Thanks the suggestion from @jpountz , as discussed in #12826

This PR use group-varint to encode some vint values if storeOffsets is true, it's still using class GroupVIntReader and GroupVIntWriter, i will update it after #12841 is finished.

Currently i don't use group-vint if (storeOffsets==false && storePayload==false), which means only token is stored, because i'm worried that it will use extra memory when bulk decoding. Feel free to correct me.

Then benchmark and file size changes i'll add next week.
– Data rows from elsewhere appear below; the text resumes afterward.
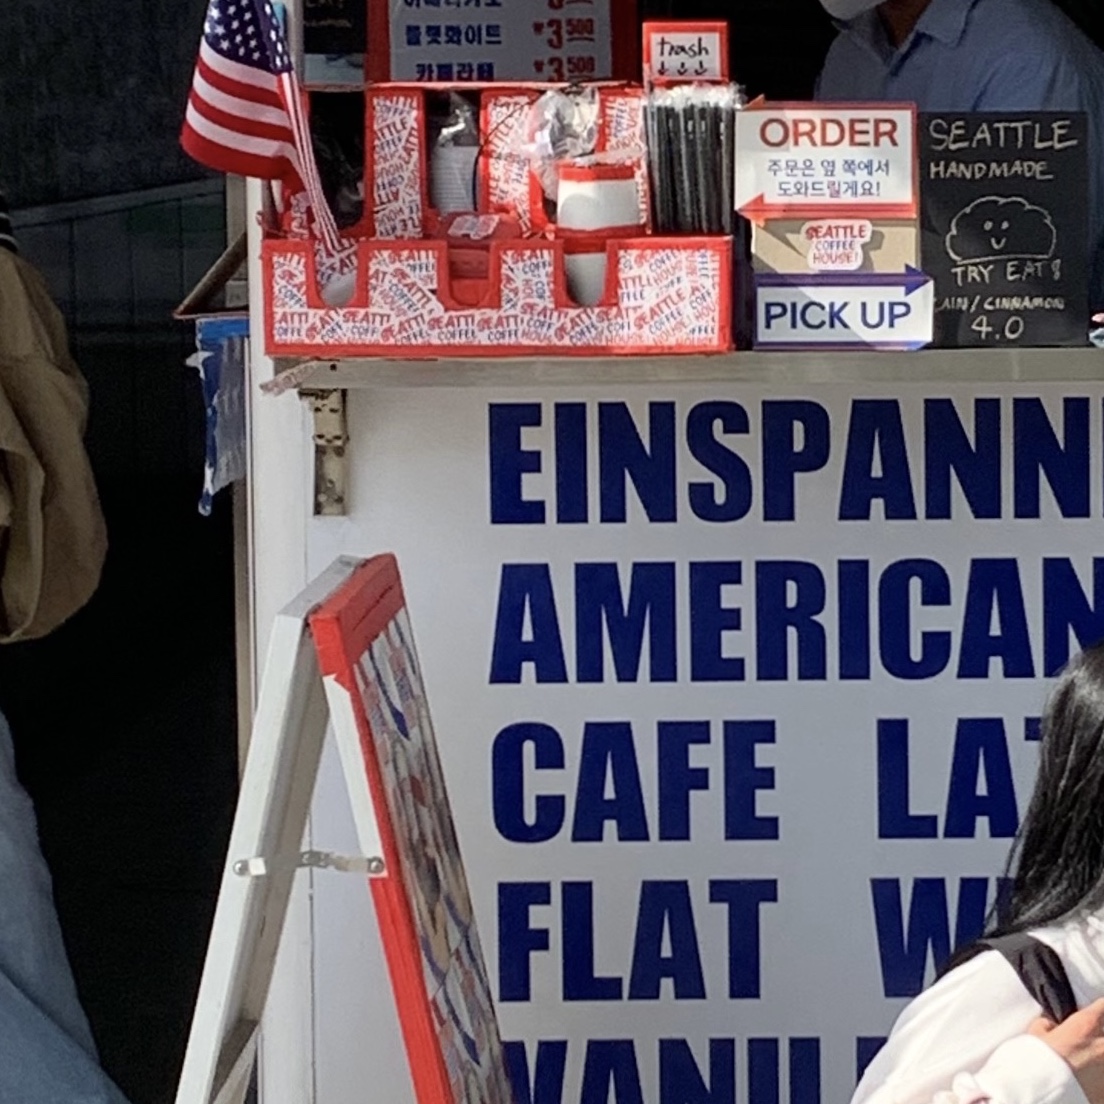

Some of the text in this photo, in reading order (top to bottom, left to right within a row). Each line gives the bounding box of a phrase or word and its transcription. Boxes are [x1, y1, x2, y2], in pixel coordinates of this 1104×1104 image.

[656, 36, 709, 58] trash
[759, 117, 899, 148] ORDER
[928, 118, 1079, 151] SEATTLE
[767, 158, 890, 178] 주문은 옆 쪽에서
[929, 160, 1054, 181] HANDMADE
[777, 180, 882, 198] 도와드릴게요!
[804, 224, 868, 241] SEATTLE
[812, 250, 860, 265] HOUSE!
[814, 240, 856, 252] COFFEE
[951, 263, 995, 287] TRY
[763, 301, 912, 330] PICK UP
[970, 315, 1025, 340] 4.0
[491, 716, 1043, 844] CAFE LA
[497, 878, 779, 1003] FLAT
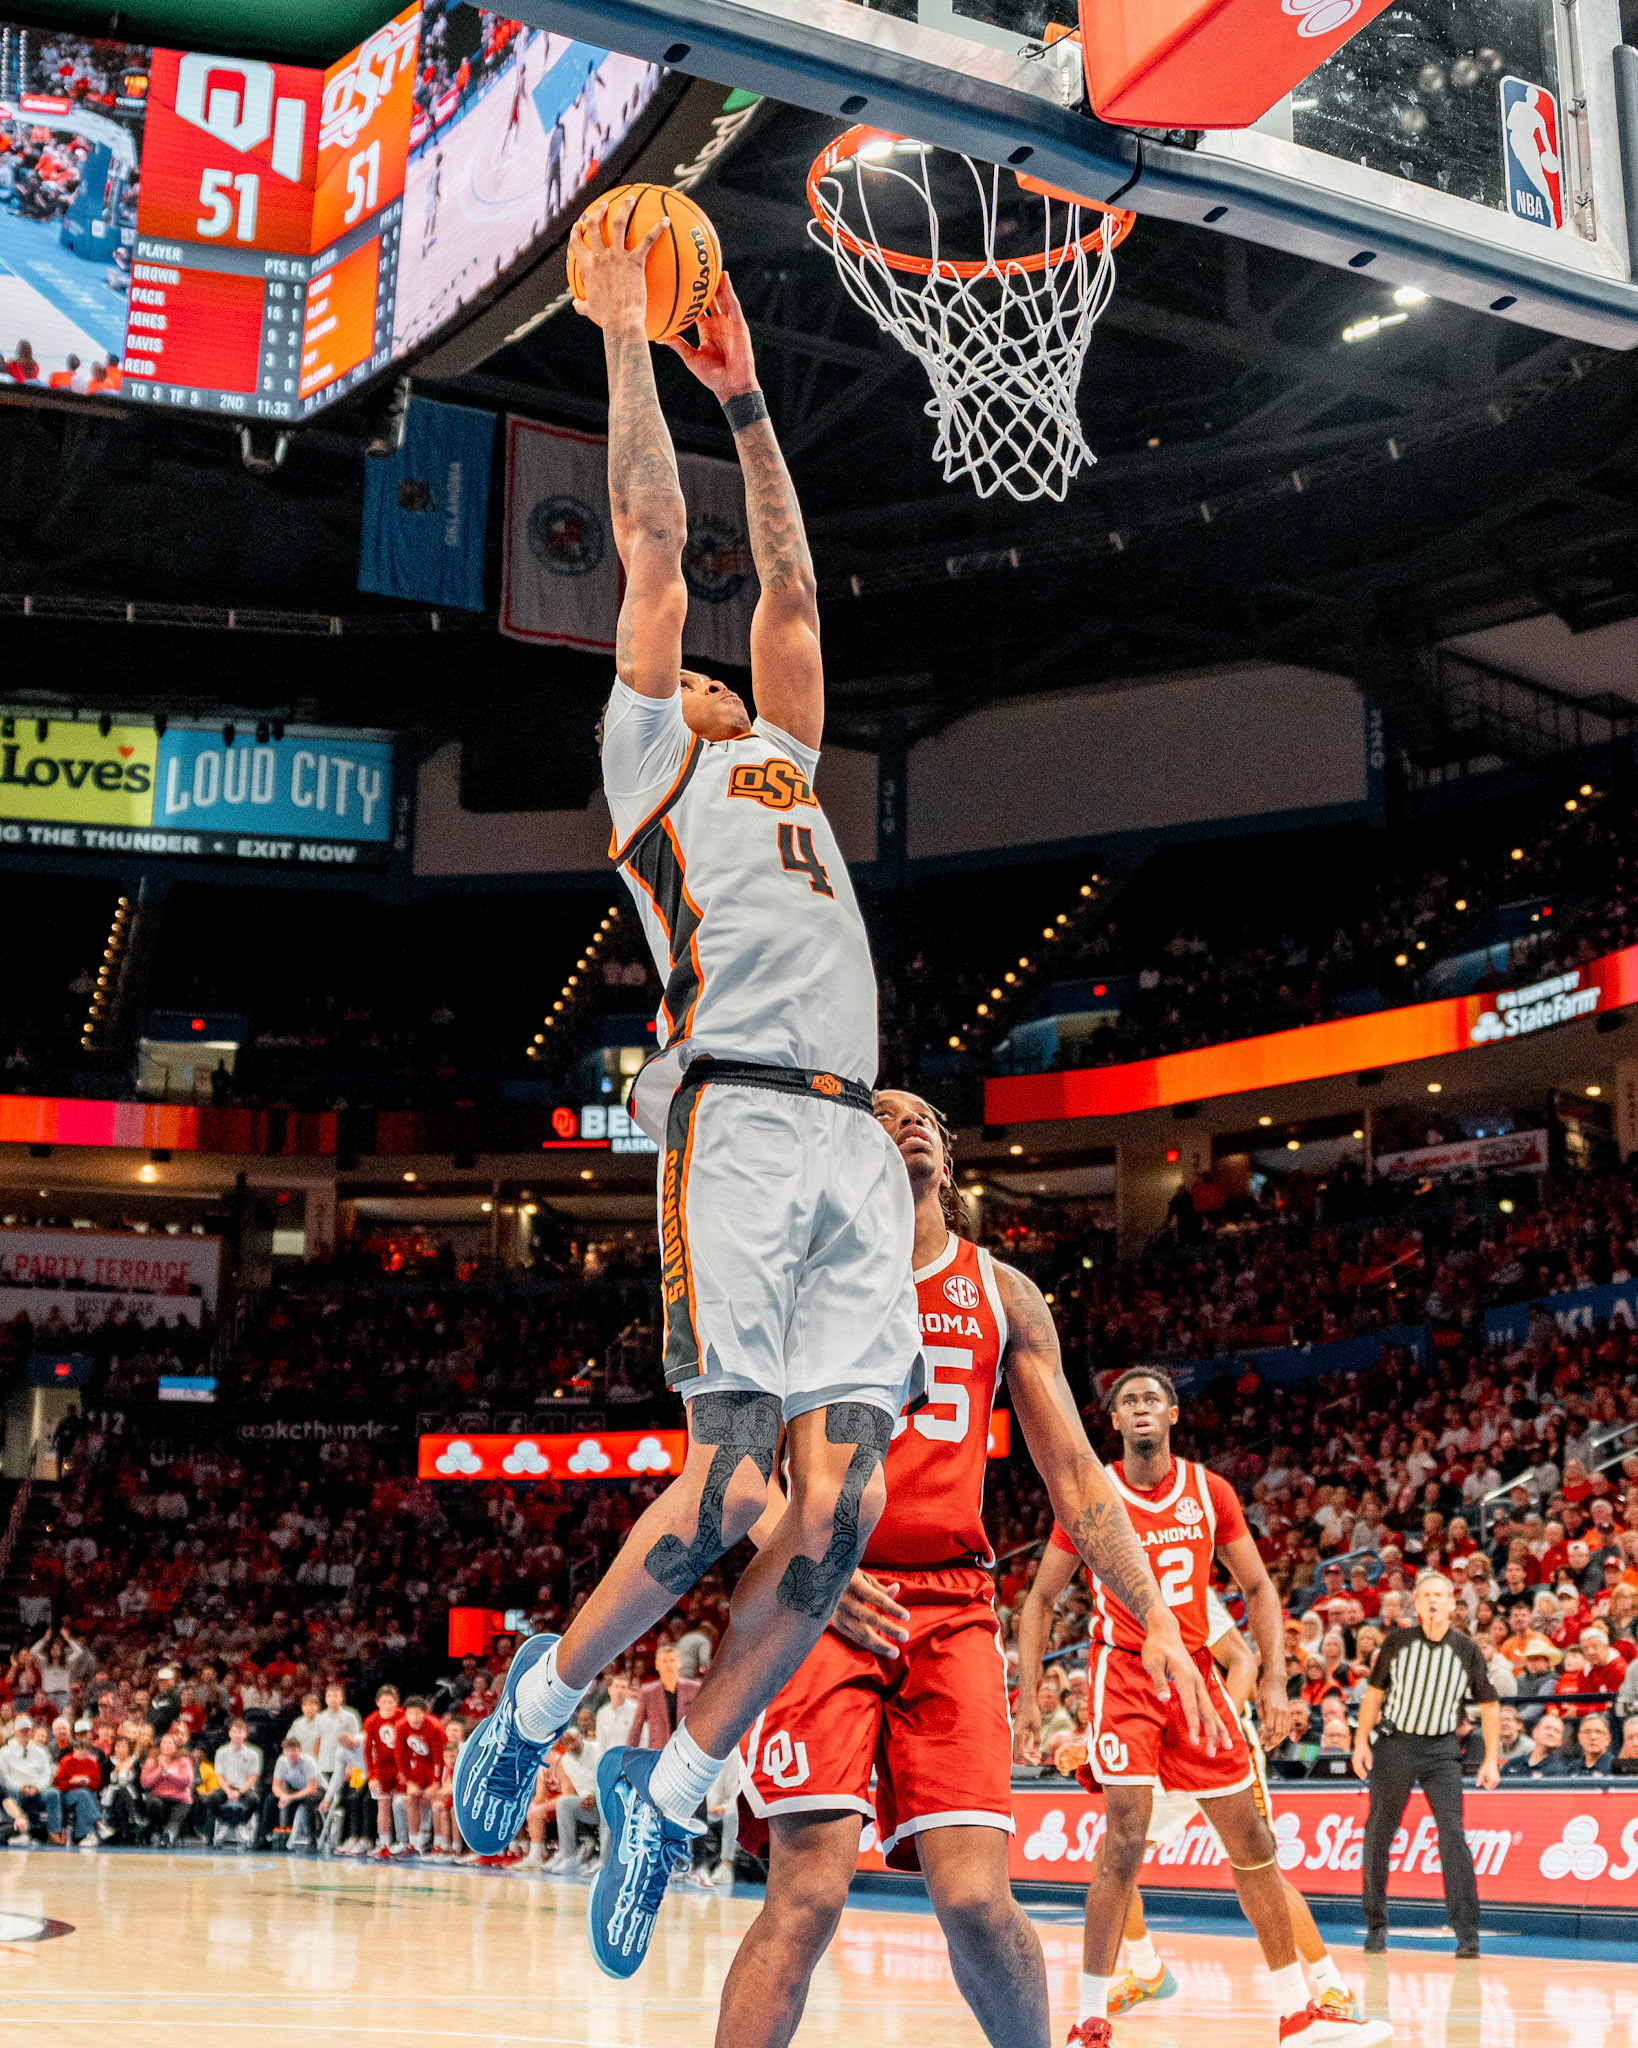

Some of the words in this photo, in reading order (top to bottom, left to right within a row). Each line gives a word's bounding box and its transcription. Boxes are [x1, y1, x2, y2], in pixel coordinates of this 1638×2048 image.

[344, 140, 380, 224] 51
[196, 168, 258, 242] 51
[1515, 189, 1544, 220] NBA
[137, 241, 184, 262] PLAYER
[264, 258, 289, 276] PTS
[290, 260, 306, 278] FL
[678, 224, 710, 328] Wilson
[133, 264, 180, 286] BROWN
[268, 282, 286, 299] 10
[293, 284, 302, 300] 1
[131, 287, 165, 307] PACK
[266, 305, 283, 322] 15
[291, 307, 300, 322] 1
[128, 311, 167, 331] JONES
[288, 330, 298, 346] 2
[126, 334, 163, 353] DAVIS
[265, 352, 275, 368] 3
[288, 354, 296, 369] 1
[124, 358, 156, 376] REID
[263, 375, 274, 391] 5
[283, 377, 294, 393] 0
[131, 382, 147, 399] TO
[152, 385, 163, 401] 3
[169, 388, 186, 403] TF
[190, 390, 201, 405] 5
[219, 393, 245, 410] 2ND
[256, 399, 291, 416] 11:33
[164, 746, 276, 816] LOUD
[290, 750, 383, 826] CITY
[727, 757, 819, 812] OSU
[27, 826, 77, 847] THE
[82, 829, 200, 854] THUNDER
[237, 839, 294, 859] EXIT
[299, 844, 357, 863] NOW
[777, 822, 835, 900] 4
[1504, 987, 1600, 1037] StateFarm
[811, 1074, 842, 1095] OSU
[552, 1106, 577, 1139] OU
[662, 1148, 686, 1305] COWBOYS
[14, 1254, 85, 1279] PARTY
[94, 1257, 193, 1285] TERRACE
[945, 1276, 977, 1308] SEC
[895, 1345, 972, 1442] 5
[1136, 1526, 1203, 1547] LAHOMA
[1145, 1547, 1194, 1607] 2
[762, 1729, 810, 1789] OU
[1099, 1732, 1128, 1772] OU
[1066, 1811, 1222, 1866] Starm
[1304, 1814, 1512, 1876] StaeFam
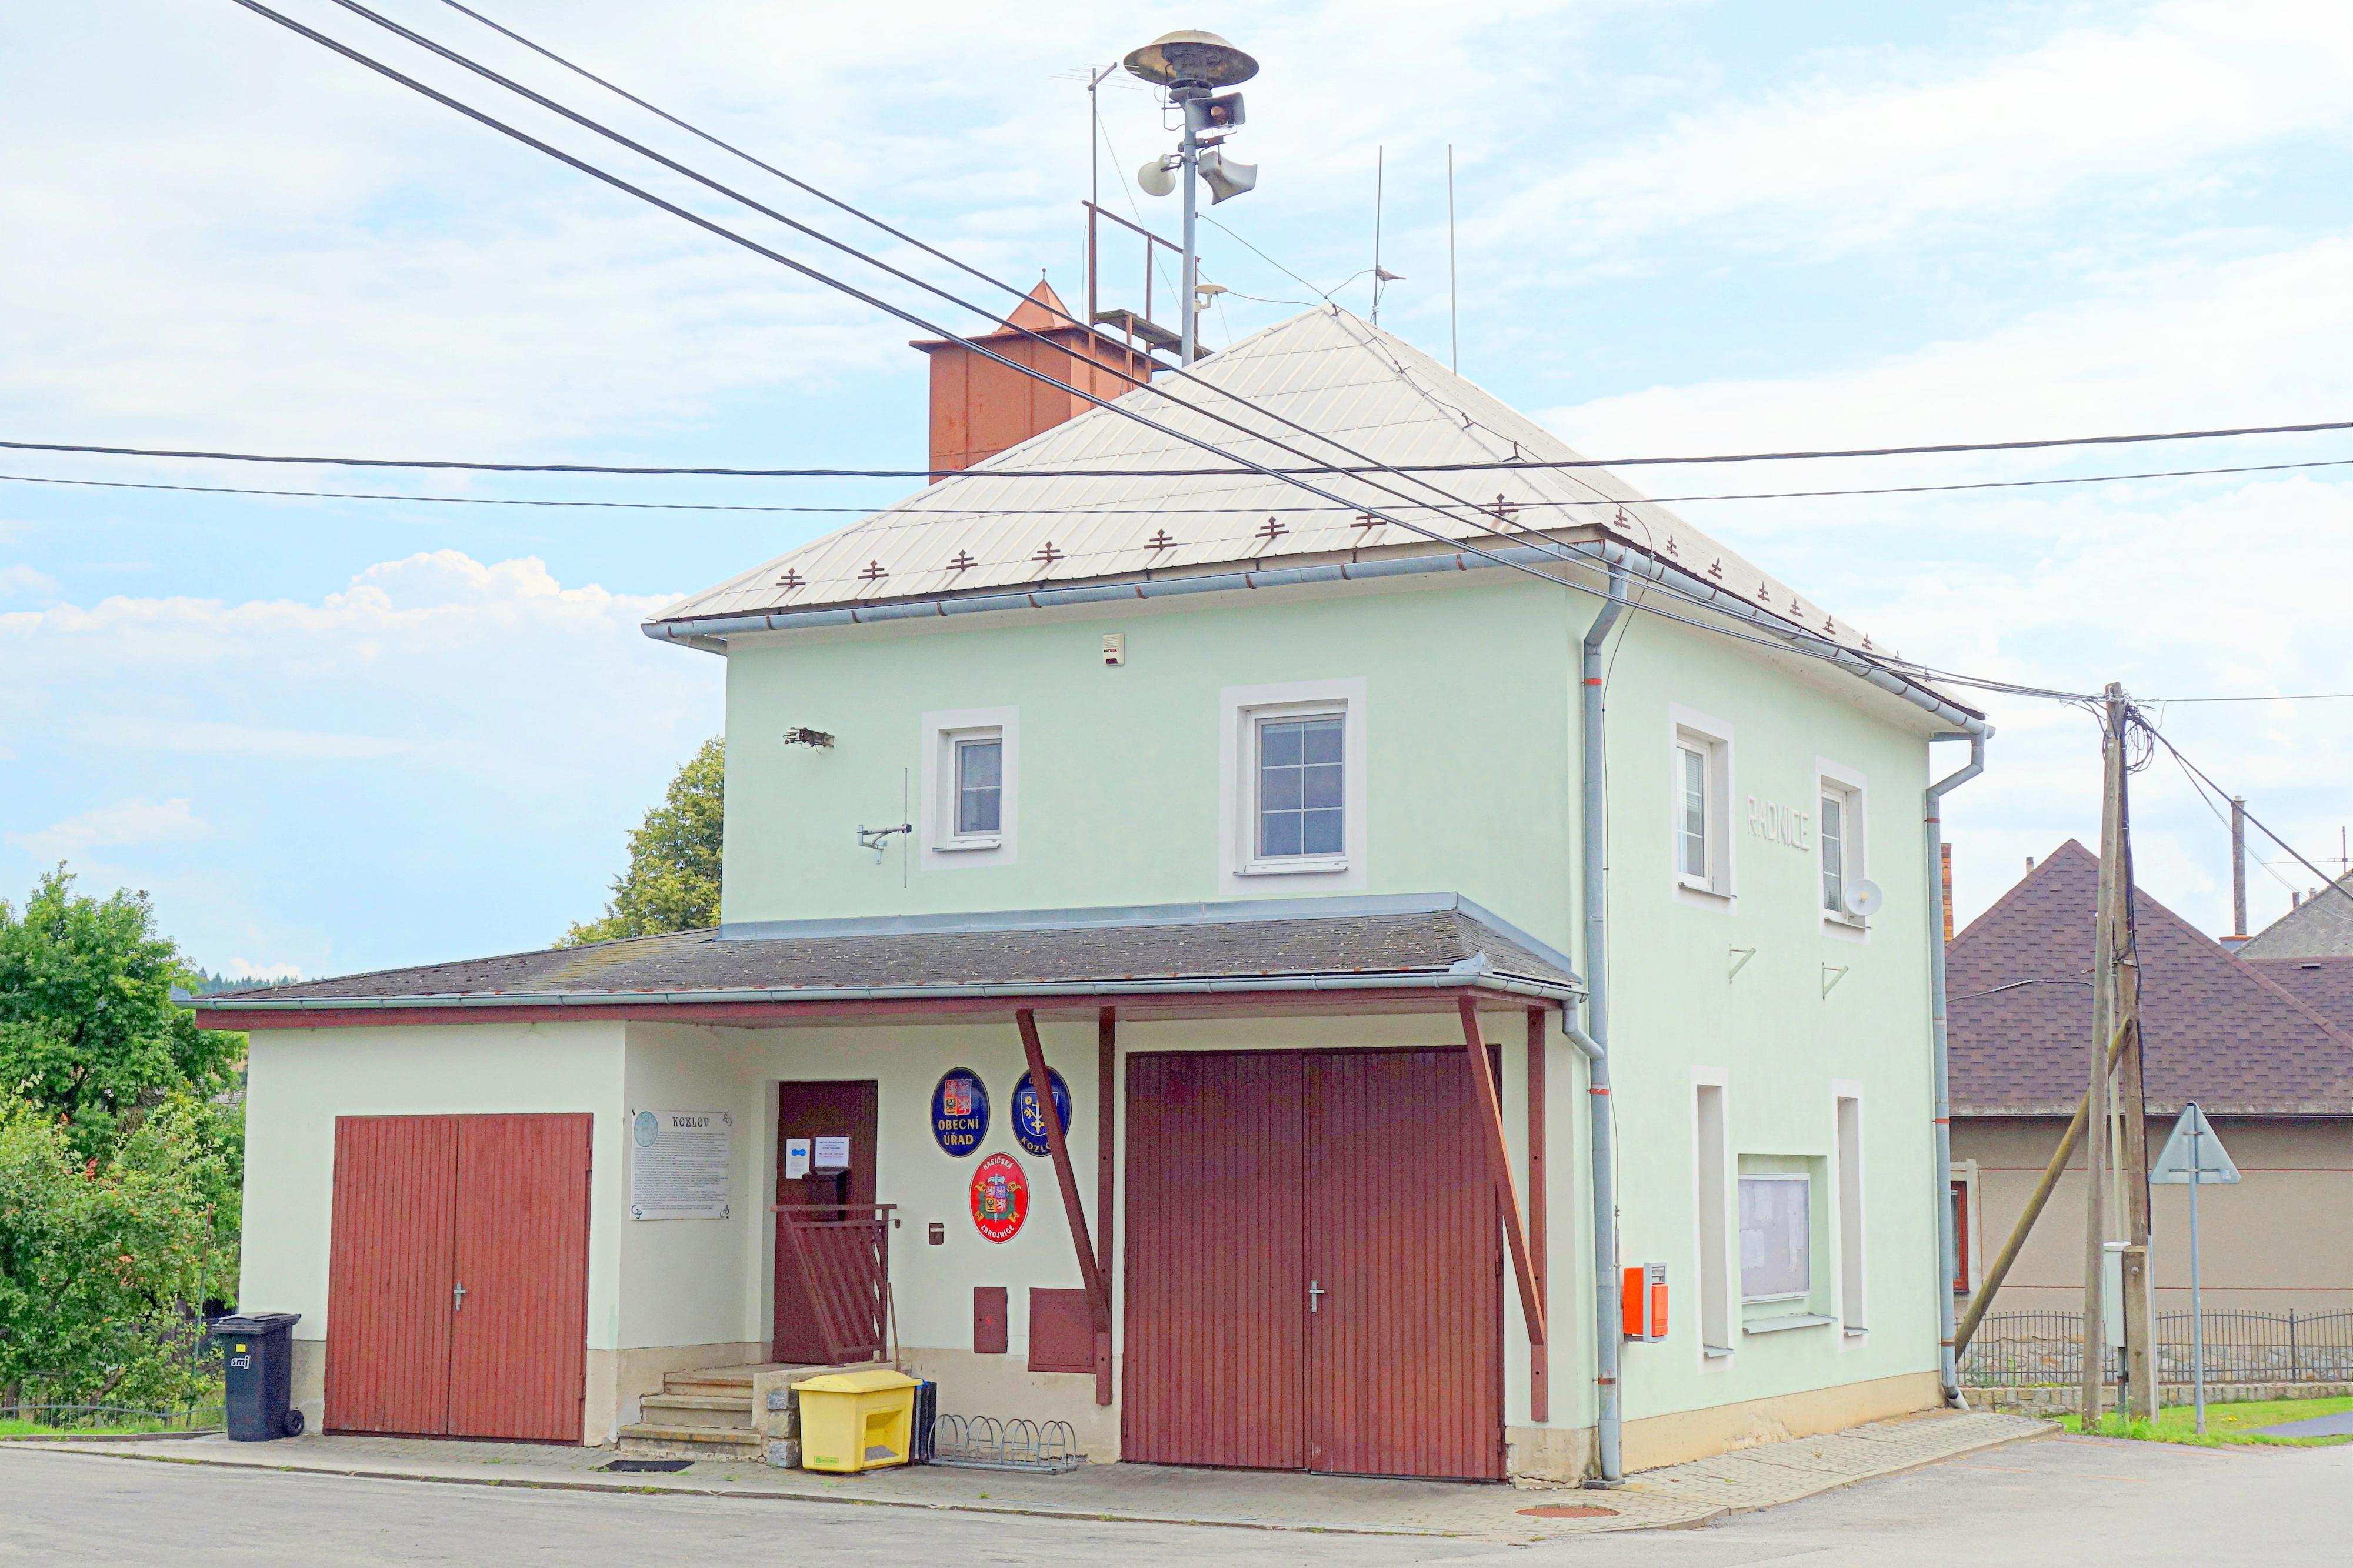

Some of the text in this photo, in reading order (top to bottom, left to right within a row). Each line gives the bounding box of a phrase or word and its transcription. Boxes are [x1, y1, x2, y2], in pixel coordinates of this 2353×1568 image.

jpountz · 2023-11-24T16:17:33Z

Thanks for looking. Unfortunately, the case I'm most interested in is when storeOffsets is false and there are no payloads, since this is the default. :)

easyice · 2023-11-25T01:34:15Z

Thanks for your suggestion, i'm thinking about that too, i will continue working on this.

easyice · 2023-12-14T17:38:18Z

Sorry for the late update! i spent some more time on other PR, i encoded the positions with group-varint when storeOffsets is false and there are no payloads. with the last commit, it uses a long[] buffer with 128 size to encode/decode. i wrote a simple benchmark to show flush() performance, it seems no significant performance improvement, because readVInt and readGroupVInt have similar performance in ByteBuffersDataOutput on current branch, i'll test it with #12841 optimized code tomorrow.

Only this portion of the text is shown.